Humans and animals infer temporal regularities, anticipate events, and plan their actions in time. The degree to which we can exploit temporal contingencies depends on the fidelity of time measurements. Decades of behavioral research has shown that time measurements are variable and this variability scales with elapsed time. Mounting behavioral evidence demonstrates that humans and animals utilize prior information and multiple measurements to reduce the inherent uncertainty in sensory measurements. However, the computations required to reduce uncertainty in the face of scalar variability remain largely unexplored. Here, I use a Bayesian model to demonstrate that, unlike classic sensory cue combination paradigms, the computations required to combine noisy time-interval measurements optimally are nonlinear. The predictions of the optimal model are then tested against the behavior of humans performing a time-interval reproduction task. Results indicate that human performance nearly matches the predictions of the optimal model and exceed the performance of simpler linear models, demonstrating that the underlying neural computations can support nonlinear integration. 

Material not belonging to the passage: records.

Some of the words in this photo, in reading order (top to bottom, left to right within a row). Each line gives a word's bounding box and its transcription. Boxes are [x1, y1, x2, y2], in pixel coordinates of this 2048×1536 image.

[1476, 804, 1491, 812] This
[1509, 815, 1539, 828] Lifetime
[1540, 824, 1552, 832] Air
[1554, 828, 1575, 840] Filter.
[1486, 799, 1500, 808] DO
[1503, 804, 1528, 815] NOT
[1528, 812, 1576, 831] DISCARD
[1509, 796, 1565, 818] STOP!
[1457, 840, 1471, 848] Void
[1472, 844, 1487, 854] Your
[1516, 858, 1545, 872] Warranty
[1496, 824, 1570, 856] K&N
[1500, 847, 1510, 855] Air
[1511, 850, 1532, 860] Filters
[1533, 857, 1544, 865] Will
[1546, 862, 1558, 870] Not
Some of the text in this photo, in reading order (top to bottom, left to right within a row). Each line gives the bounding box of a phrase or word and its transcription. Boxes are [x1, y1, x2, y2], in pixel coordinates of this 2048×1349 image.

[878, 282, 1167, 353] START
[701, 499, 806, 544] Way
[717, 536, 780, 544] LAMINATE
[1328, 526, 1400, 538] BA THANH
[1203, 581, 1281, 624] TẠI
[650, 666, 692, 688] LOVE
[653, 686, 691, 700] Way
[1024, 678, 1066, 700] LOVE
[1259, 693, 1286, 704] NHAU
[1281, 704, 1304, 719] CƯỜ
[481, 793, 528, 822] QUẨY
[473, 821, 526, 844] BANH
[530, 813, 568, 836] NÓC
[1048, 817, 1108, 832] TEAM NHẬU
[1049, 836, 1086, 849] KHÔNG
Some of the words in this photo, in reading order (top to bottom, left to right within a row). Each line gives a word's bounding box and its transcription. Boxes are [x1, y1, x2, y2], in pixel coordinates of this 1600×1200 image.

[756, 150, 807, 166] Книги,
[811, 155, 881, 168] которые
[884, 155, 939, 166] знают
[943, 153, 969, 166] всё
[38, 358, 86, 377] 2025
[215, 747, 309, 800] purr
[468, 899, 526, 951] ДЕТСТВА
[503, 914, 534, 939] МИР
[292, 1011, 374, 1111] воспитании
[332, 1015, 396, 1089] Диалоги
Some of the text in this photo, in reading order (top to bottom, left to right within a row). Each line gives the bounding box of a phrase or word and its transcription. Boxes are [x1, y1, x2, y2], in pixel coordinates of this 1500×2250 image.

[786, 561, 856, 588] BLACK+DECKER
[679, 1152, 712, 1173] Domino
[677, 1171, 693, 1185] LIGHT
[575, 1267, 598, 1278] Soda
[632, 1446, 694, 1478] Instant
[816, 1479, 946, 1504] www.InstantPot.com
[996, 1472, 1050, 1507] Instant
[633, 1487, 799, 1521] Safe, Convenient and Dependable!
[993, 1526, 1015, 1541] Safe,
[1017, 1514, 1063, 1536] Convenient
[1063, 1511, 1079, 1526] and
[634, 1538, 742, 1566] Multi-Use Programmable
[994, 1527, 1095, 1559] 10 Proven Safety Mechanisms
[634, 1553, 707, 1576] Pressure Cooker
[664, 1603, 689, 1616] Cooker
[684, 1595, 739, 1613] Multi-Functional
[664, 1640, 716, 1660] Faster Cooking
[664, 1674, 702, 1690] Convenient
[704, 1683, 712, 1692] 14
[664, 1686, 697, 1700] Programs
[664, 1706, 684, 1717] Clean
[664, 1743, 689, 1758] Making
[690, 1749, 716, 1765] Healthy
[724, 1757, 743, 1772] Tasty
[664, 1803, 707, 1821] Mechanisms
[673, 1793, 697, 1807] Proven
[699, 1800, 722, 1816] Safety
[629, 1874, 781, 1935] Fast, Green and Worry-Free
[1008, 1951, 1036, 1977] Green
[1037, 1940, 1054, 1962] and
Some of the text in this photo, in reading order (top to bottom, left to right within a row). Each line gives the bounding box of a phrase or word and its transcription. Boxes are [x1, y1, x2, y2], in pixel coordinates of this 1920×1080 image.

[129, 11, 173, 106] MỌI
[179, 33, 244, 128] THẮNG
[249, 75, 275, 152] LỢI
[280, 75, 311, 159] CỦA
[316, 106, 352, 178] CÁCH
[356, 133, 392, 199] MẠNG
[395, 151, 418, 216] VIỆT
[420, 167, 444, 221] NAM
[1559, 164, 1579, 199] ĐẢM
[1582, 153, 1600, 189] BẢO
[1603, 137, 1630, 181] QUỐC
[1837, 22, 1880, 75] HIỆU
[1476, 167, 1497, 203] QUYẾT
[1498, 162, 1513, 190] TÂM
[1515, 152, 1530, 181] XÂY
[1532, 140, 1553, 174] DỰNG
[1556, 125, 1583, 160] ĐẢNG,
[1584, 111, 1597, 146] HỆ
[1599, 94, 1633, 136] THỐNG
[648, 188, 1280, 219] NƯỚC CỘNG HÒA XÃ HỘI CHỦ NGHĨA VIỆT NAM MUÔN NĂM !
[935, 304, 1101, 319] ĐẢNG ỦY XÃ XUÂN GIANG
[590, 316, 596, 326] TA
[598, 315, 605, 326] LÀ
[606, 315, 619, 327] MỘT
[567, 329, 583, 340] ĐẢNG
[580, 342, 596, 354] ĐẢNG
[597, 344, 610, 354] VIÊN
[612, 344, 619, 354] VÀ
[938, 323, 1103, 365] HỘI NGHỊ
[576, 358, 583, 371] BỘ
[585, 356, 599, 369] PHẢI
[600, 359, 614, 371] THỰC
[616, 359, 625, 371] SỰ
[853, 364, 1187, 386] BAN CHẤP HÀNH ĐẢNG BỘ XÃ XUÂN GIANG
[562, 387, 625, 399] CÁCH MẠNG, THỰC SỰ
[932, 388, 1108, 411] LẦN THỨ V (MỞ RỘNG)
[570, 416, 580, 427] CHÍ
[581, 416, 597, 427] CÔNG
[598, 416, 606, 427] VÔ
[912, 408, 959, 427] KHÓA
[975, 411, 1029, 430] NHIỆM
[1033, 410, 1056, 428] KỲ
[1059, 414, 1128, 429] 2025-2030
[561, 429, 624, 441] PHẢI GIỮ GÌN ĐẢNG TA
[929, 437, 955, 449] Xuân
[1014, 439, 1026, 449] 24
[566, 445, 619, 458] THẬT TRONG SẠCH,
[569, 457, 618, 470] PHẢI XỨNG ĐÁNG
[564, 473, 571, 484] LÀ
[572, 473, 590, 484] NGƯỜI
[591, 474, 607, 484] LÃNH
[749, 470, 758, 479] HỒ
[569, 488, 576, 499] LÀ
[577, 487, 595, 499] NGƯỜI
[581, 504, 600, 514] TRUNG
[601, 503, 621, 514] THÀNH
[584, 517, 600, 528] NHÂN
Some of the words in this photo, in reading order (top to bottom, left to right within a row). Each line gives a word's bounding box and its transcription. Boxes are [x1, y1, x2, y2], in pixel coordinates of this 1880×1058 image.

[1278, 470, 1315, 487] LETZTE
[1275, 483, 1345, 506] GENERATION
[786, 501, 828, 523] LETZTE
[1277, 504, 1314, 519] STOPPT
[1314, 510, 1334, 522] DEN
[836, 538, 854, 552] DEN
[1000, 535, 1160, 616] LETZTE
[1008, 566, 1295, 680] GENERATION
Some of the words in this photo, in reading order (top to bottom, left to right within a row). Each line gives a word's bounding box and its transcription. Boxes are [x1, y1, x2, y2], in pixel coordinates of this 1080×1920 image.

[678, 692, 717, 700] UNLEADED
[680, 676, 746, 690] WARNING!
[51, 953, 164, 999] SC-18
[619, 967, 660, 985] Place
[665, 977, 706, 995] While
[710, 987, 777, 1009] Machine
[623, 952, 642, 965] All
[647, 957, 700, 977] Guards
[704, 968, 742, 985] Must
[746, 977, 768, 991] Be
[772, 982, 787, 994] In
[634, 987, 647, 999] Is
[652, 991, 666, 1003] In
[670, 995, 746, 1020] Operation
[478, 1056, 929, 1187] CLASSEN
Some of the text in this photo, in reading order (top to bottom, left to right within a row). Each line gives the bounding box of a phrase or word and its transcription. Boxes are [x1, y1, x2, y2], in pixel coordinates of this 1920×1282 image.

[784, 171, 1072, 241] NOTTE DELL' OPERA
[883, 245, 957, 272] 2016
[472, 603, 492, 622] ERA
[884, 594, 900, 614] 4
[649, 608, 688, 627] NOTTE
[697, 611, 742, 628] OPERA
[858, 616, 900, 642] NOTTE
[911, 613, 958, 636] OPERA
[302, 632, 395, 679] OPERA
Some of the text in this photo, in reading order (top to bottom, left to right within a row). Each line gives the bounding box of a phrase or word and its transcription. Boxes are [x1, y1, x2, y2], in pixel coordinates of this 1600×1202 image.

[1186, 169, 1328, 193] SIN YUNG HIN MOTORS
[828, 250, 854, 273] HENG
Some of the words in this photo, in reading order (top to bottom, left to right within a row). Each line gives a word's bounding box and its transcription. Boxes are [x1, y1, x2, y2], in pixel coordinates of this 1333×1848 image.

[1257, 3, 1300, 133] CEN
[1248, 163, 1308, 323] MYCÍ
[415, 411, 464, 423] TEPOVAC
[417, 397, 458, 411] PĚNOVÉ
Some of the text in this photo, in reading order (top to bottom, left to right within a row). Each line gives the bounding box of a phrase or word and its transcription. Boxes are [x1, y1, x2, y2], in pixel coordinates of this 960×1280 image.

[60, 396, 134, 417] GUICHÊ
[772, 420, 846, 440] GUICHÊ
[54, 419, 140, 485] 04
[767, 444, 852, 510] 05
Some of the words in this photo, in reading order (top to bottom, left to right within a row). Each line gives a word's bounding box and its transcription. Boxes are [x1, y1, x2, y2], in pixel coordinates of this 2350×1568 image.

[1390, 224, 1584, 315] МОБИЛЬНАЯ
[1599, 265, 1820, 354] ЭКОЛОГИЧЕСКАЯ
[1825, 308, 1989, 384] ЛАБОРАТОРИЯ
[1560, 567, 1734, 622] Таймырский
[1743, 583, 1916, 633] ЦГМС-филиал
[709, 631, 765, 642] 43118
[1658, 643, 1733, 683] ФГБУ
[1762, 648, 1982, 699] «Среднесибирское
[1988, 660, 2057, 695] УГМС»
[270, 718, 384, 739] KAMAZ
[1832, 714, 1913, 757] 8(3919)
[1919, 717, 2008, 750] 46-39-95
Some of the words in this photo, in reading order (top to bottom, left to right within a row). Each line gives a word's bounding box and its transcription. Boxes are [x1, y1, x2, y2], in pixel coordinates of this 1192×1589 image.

To understand how this computation is implemented by the brain, I recorded neural activity in the medial frontal cortex (MFC) of a nonhuman primate performing a similar time-interval reproduction task. Firing rate dynamics of individual neurons in MFC were complex and heterogeneous, and were predictive of the animal’s behavior. To gain insight into how the MFC activity might represent the animal’s ongoing estimate of the of elapsed time, I analyzed the evolution of activity across the population as a function of time. Interestingly, the pattern of the population response was similar across interval durations, but the profile of activation was stretched or compressed in time to match the animal’s expectation of the interval duration. These results suggest that a key variable linking the neural dynamics to the nonlinear computations inferred from modeling the animal’s timing behavior is the speed with which the neural responses evolve.